■ **What the task requires**
Transcribe everything in the records exactly. Skip the images.

■ **Raw data**
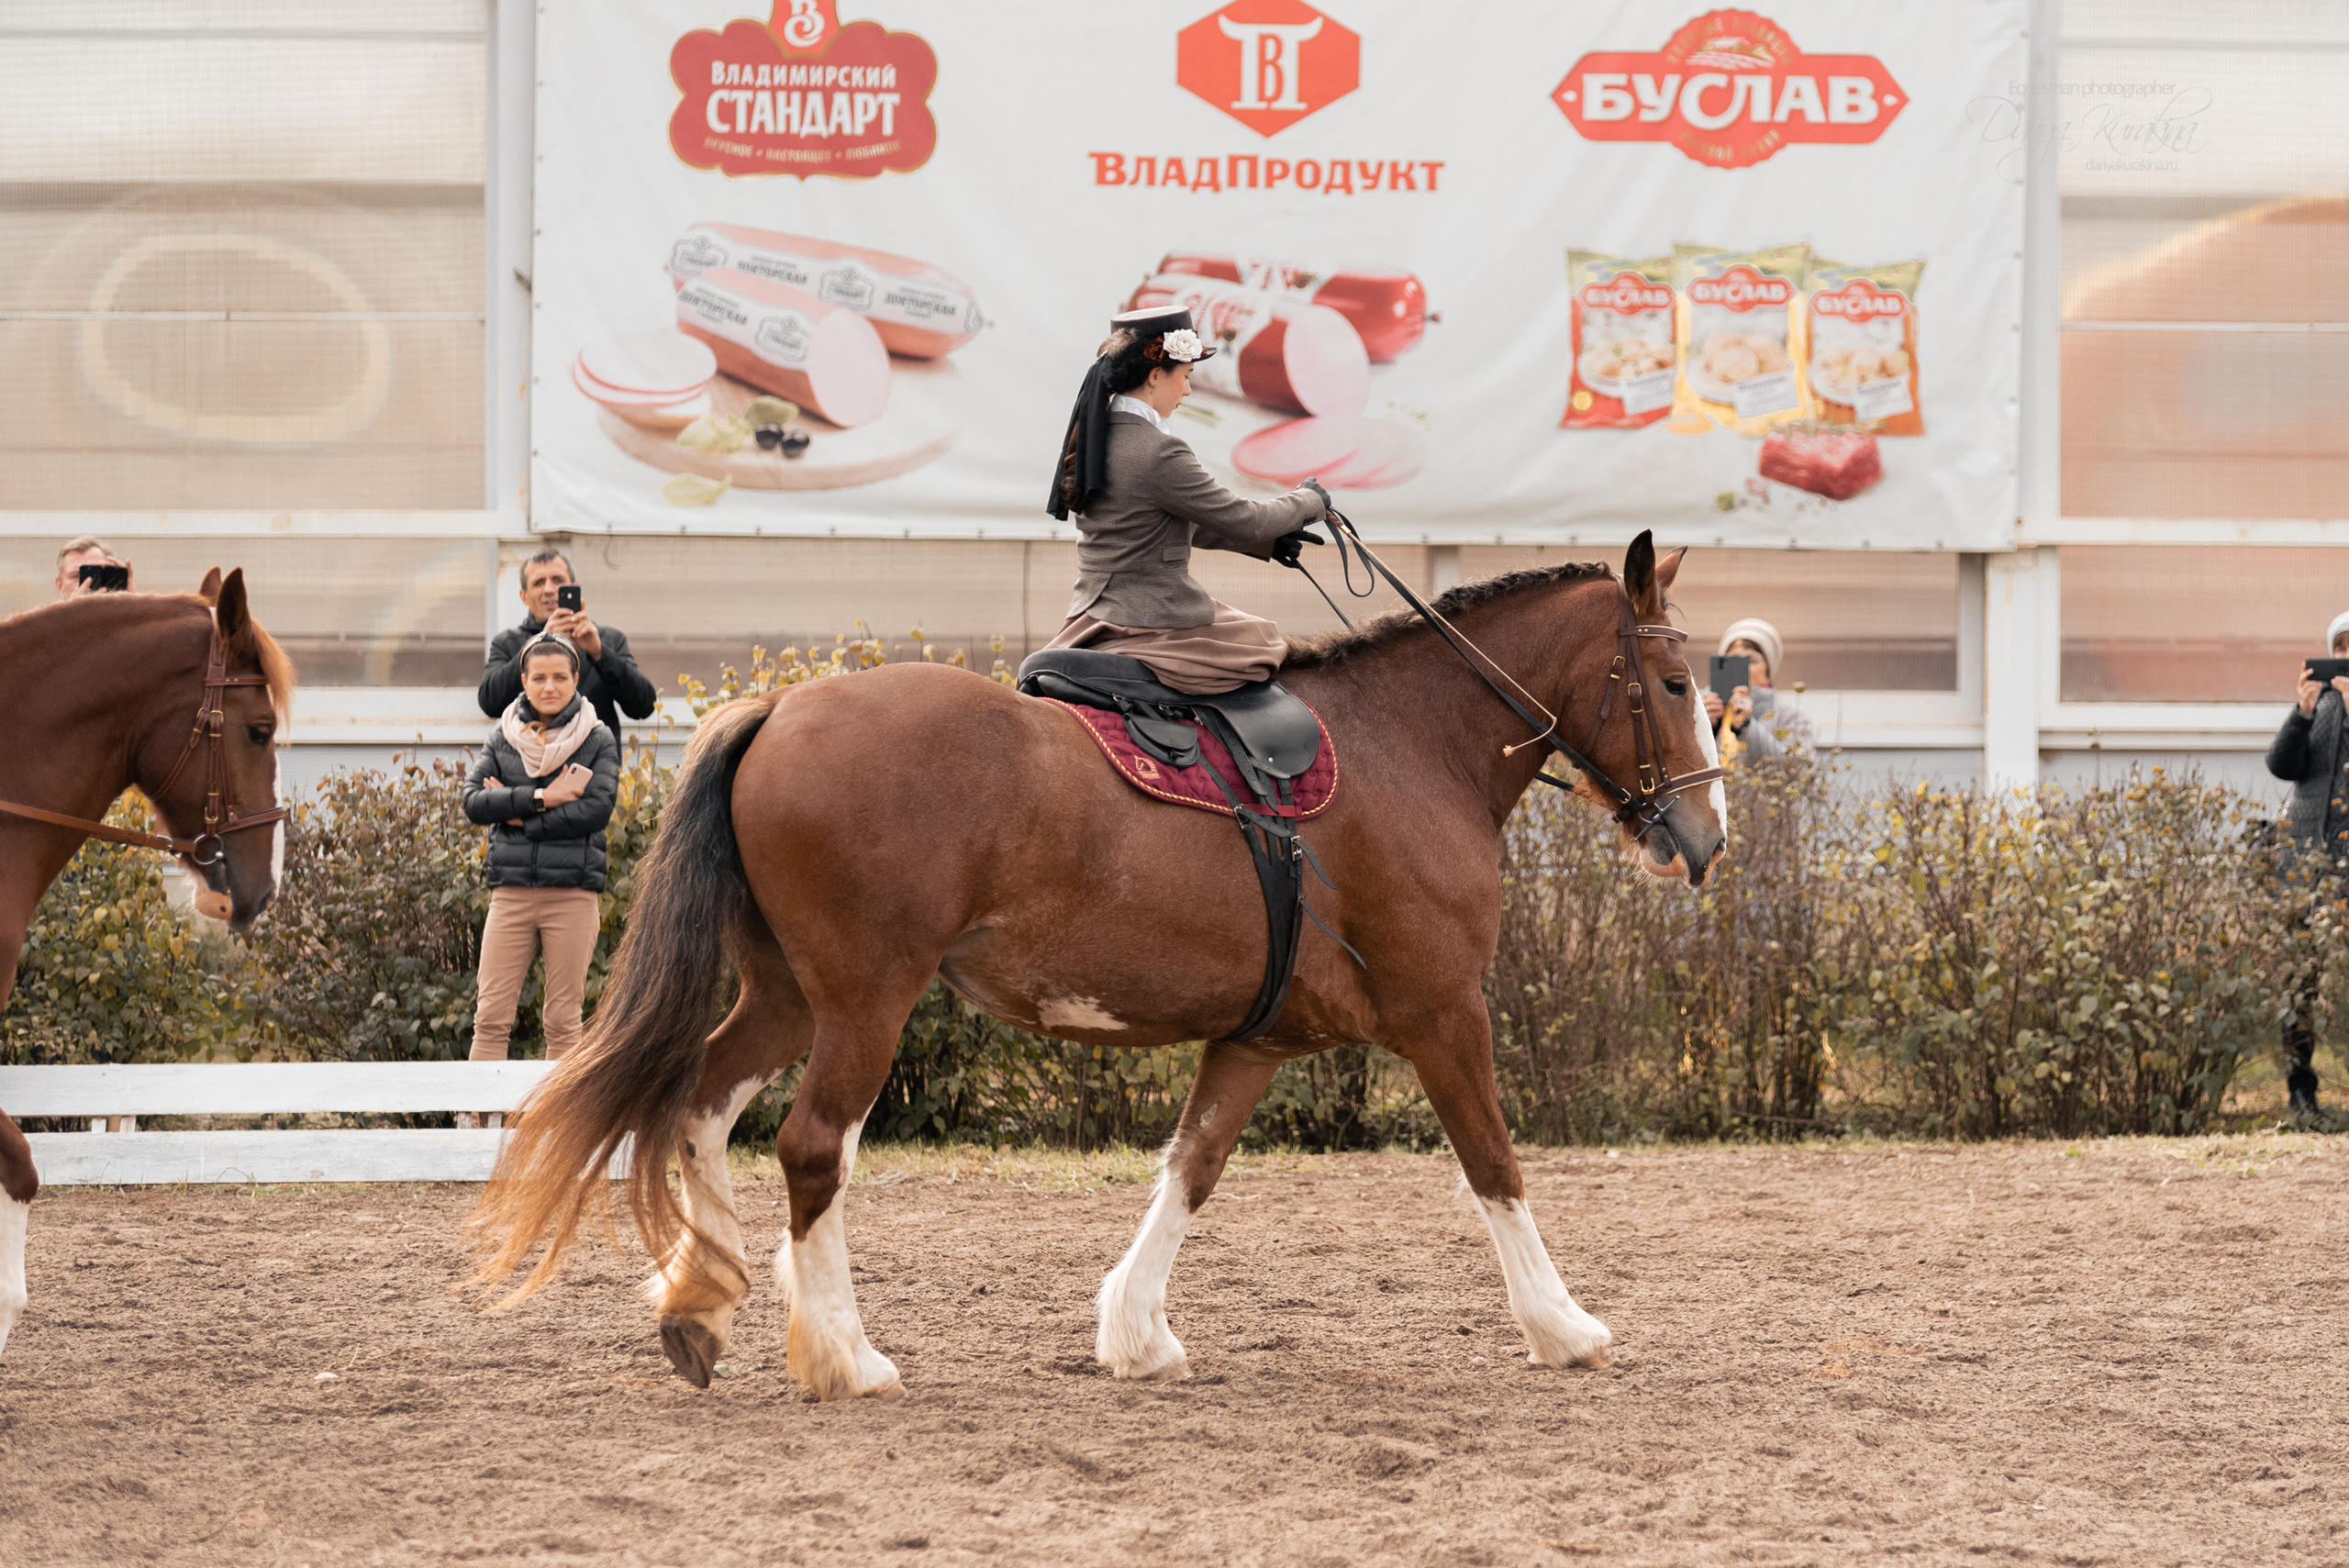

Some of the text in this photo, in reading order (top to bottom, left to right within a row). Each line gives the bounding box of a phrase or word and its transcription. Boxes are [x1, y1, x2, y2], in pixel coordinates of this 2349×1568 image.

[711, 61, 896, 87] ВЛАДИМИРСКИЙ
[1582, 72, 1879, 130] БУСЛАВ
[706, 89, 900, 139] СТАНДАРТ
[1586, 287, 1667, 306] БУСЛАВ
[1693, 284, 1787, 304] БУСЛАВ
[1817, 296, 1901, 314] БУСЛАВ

■ **Task response**
Some of the text in this photo, in reading order (top to bottom, left to right within a row). Each line gives the bounding box of a phrase or word and its transcription. Boxes are [x1, y1, x2, y2], in pixel coordinates of this 2349×1568 image.

[711, 61, 896, 87] ВЛАДИМИРСКИЙ
[1582, 72, 1879, 130] БУСЛАВ
[706, 89, 900, 139] СТАНДАРТ
[1586, 287, 1667, 306] БУСЛАВ
[1693, 284, 1787, 304] БУСЛАВ
[1817, 296, 1901, 314] БУСЛАВ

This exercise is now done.